B. The City shall not be responsible for withholding or otherwise deducting federal income
tax or Social Security or contributing to the State Industrial Insurance Program, or
otherwise assuming the duties of an employer with respect to Consultant or any
employee of the Consultant.
C. If the Consultant is a sole proprietorship or if this Agreement is with an individual, the
Consultant agrees to notify the City and complete any required form if the Consultant
retired under a State of Washington retirement system and agrees to indemnify any
losses the City may sustain through the Consultant’s failure to do so.

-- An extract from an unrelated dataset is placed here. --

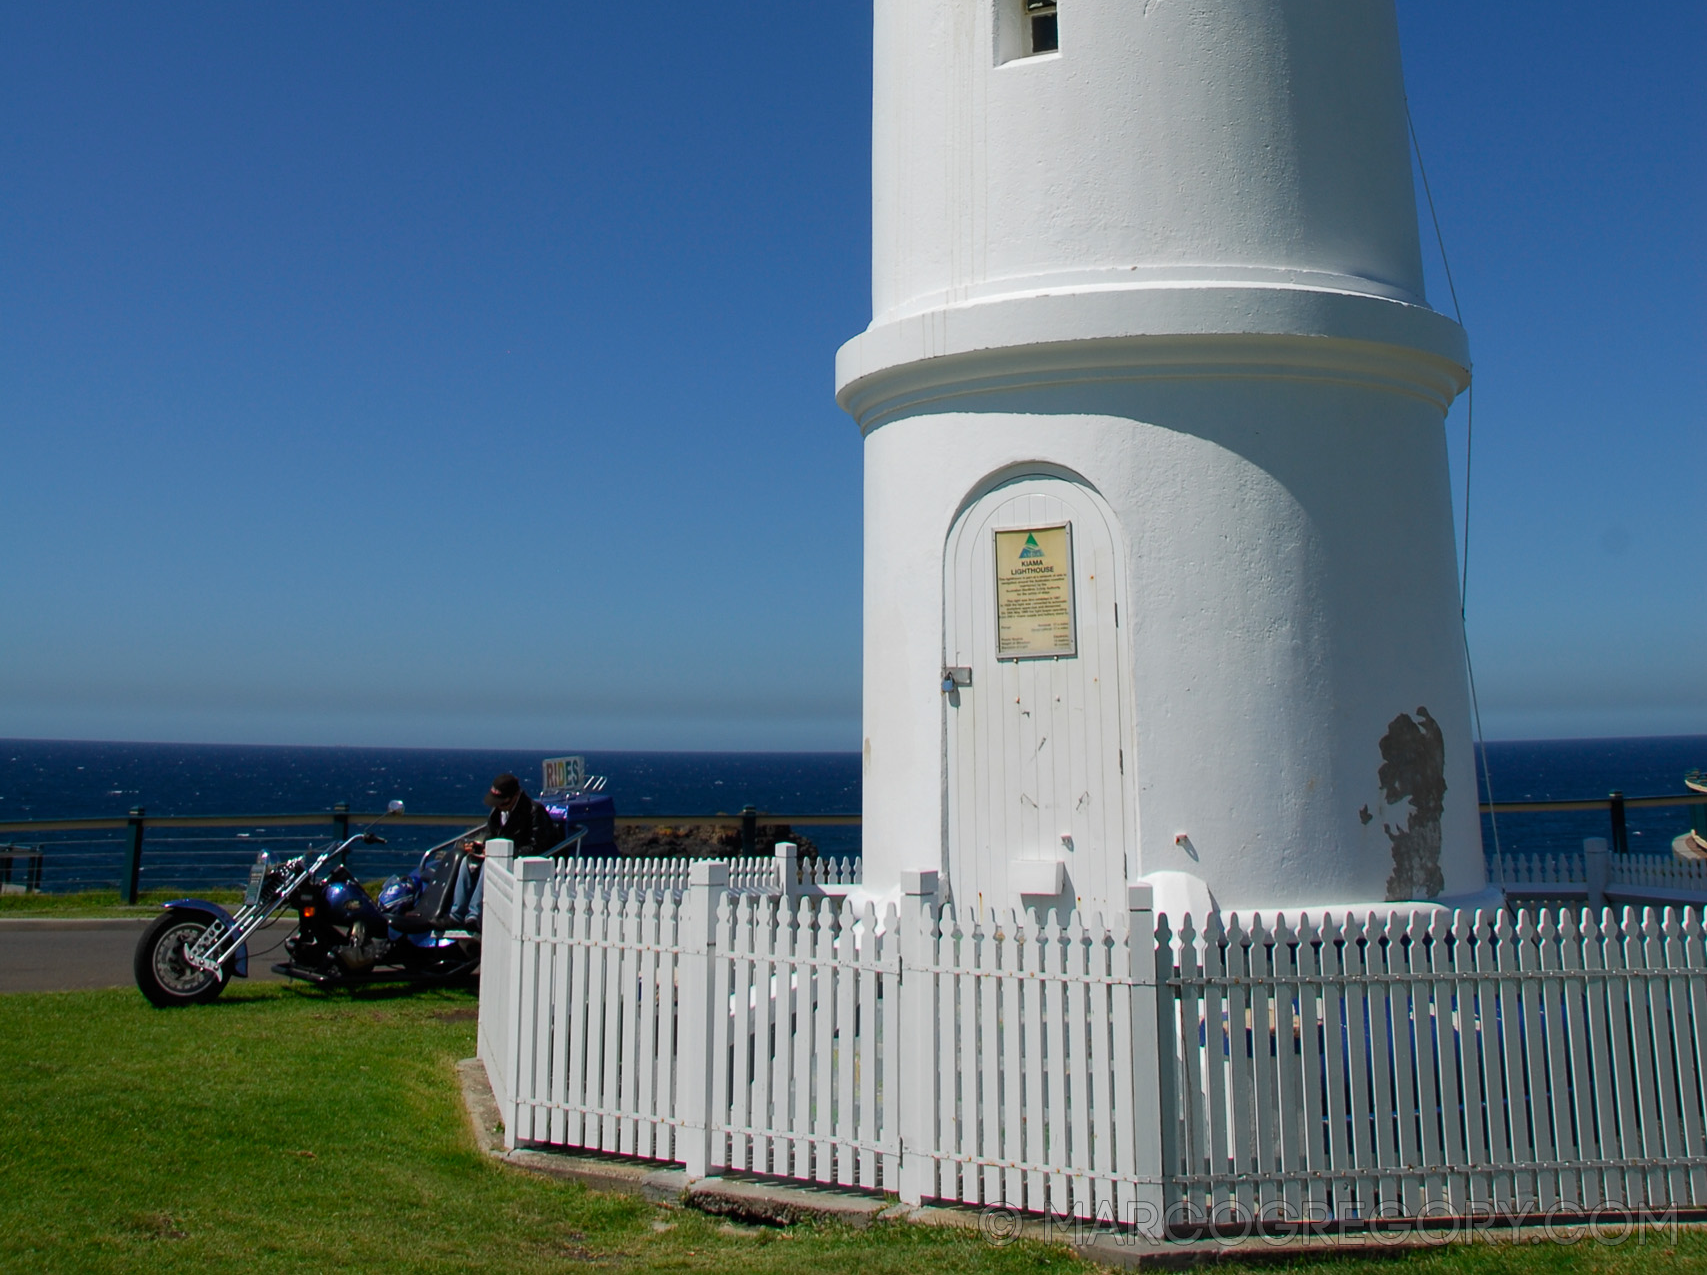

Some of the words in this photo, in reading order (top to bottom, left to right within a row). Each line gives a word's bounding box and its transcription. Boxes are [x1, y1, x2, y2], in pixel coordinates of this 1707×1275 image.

[1021, 559, 1043, 567] KIAMA
[1011, 566, 1054, 575] LIGHTHOUSE
[546, 760, 579, 787] RIDES

10.Hold Harmless: The Consultant agrees to release, indemnify, defend, and hold harmless
the City, elected officials, employees, officers, representatives, and volunteersfrom any and
all claims, demands, actions, suits, causes of action, arbitrations, mediations, proceedings,
judgments, awards, injuries, damages, liabilities, taxes, losses, fines, fees, penalties,
expenses, attorney’s or attorneys’ fees, costs, and/or litigation expenses to or by any and all
persons or entities, arising from, resulting from, or related to the negligent acts, errors or
omissions of the Consultant in its performance of this Agreement or a breach of this
Agreement by Consultant, except for that portion of the claims caused by the City’s sole
negligence.
Should a court of competent jurisdiction determine that this agreement is subject to RCW
4.24.115, (Validity of agreement to indemnify against liability for negligence relative to
construction, alteration, improvement, etc., of structure or improvement attached to real
estate…) then, in the event of liability for damages arising out of bodily injury to persons or
damages to property caused by or resulting from the concurrent negligence of the
Consultant and the City, its officers, officials, employees and volunteers, Consultant’s
liability shall be only to the extentof Consultant’s negligence.

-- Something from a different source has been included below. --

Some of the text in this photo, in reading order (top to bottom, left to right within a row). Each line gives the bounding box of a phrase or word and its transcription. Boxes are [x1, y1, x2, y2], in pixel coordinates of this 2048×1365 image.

It is further specifically and expressly understood that the indemnification provided in this
Agreement constitute Consultant’s waiver of immunity under the Industrial Insurance Act,
RCW Title 51, solely for the purposes of this indemnification. The Parties have mutually
negotiated and agreed to this waiver. The provisions of this section shall survive the
expiration or termination of this Agreement.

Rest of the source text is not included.